» **Saved data entries**

• • • • • • •

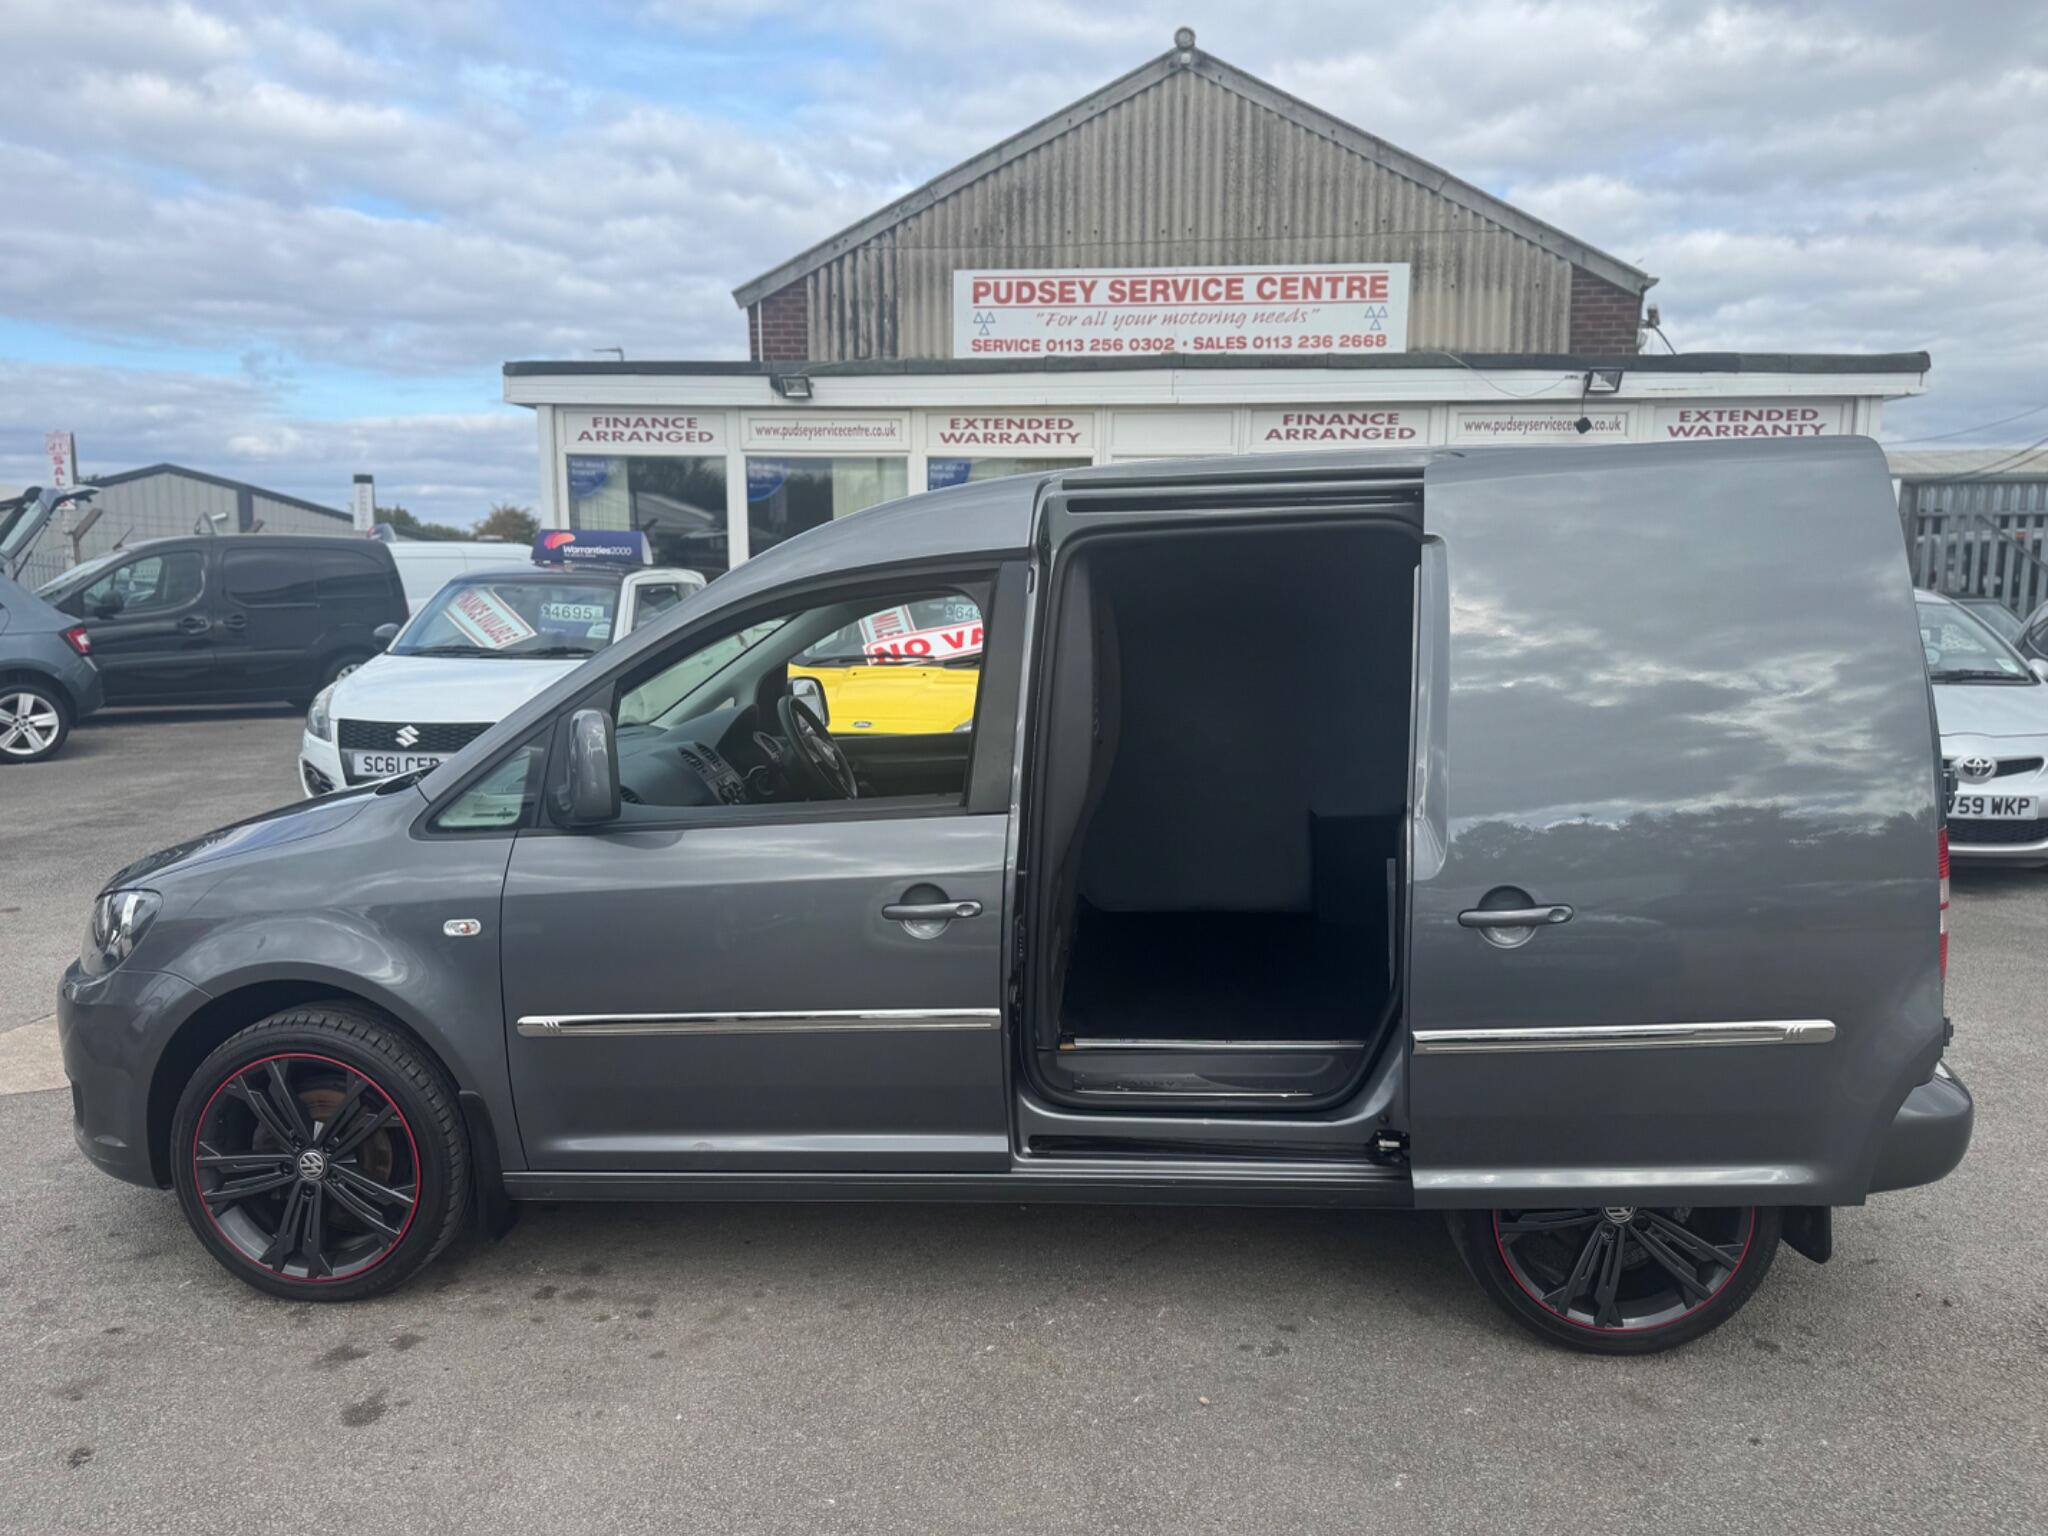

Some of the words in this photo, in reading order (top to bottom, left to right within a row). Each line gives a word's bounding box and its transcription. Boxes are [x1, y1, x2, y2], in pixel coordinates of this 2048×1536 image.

[973, 279, 1098, 304] PUDSEY
[1108, 277, 1244, 304] SERVICE
[1256, 275, 1389, 300] CENTRE
[1081, 311, 1108, 326] all
[1113, 313, 1158, 331] your
[1162, 310, 1248, 329] motoring
[971, 339, 1041, 352] SERVICE
[1046, 338, 1084, 352] 0113
[1090, 338, 1123, 351] 256
[1129, 337, 1175, 351] 0302
[1193, 336, 1247, 350] SALES
[1252, 336, 1293, 349] 0113
[1299, 335, 1333, 349] 236
[1339, 334, 1387, 348] 2668
[592, 416, 698, 429] FINANCE
[1282, 412, 1400, 426] FINANCE
[1678, 408, 1819, 423] EXTENDED
[755, 421, 896, 440] www.pudseyservicecentre.co.uk
[950, 417, 1074, 430] EXTENDED
[1464, 416, 1621, 435] www.pudseyservicece.co.uk
[1666, 423, 1827, 438] WARRANTY
[577, 430, 714, 443] ARRANGED
[939, 431, 1081, 444] WARRANTY
[1264, 427, 1416, 441] ARRANGED
[874, 638, 931, 664] NO
[1991, 798, 2030, 816] WKP

• • • • • • •

» **Work to complete**
Copy each line of the records precisely and drop any images they hold.

» **Output of the exercise**
Some of the words in this photo, in reading order (top to bottom, left to right within a row). Each line gives a word's bounding box and its transcription. Boxes are [x1, y1, x2, y2], in pixel coordinates of this 2048×1536 image.

[973, 279, 1098, 304] PUDSEY
[1108, 277, 1244, 304] SERVICE
[1256, 275, 1389, 300] CENTRE
[1081, 311, 1108, 326] all
[1113, 313, 1158, 331] your
[1162, 310, 1248, 329] motoring
[971, 339, 1041, 352] SERVICE
[1046, 338, 1084, 352] 0113
[1090, 338, 1123, 351] 256
[1129, 337, 1175, 351] 0302
[1193, 336, 1247, 350] SALES
[1252, 336, 1293, 349] 0113
[1299, 335, 1333, 349] 236
[1339, 334, 1387, 348] 2668
[592, 416, 698, 429] FINANCE
[1282, 412, 1400, 426] FINANCE
[1678, 408, 1819, 423] EXTENDED
[755, 421, 896, 440] www.pudseyservicecentre.co.uk
[950, 417, 1074, 430] EXTENDED
[1464, 416, 1621, 435] www.pudseyservicece.co.uk
[1666, 423, 1827, 438] WARRANTY
[577, 430, 714, 443] ARRANGED
[939, 431, 1081, 444] WARRANTY
[1264, 427, 1416, 441] ARRANGED
[874, 638, 931, 664] NO
[1991, 798, 2030, 816] WKP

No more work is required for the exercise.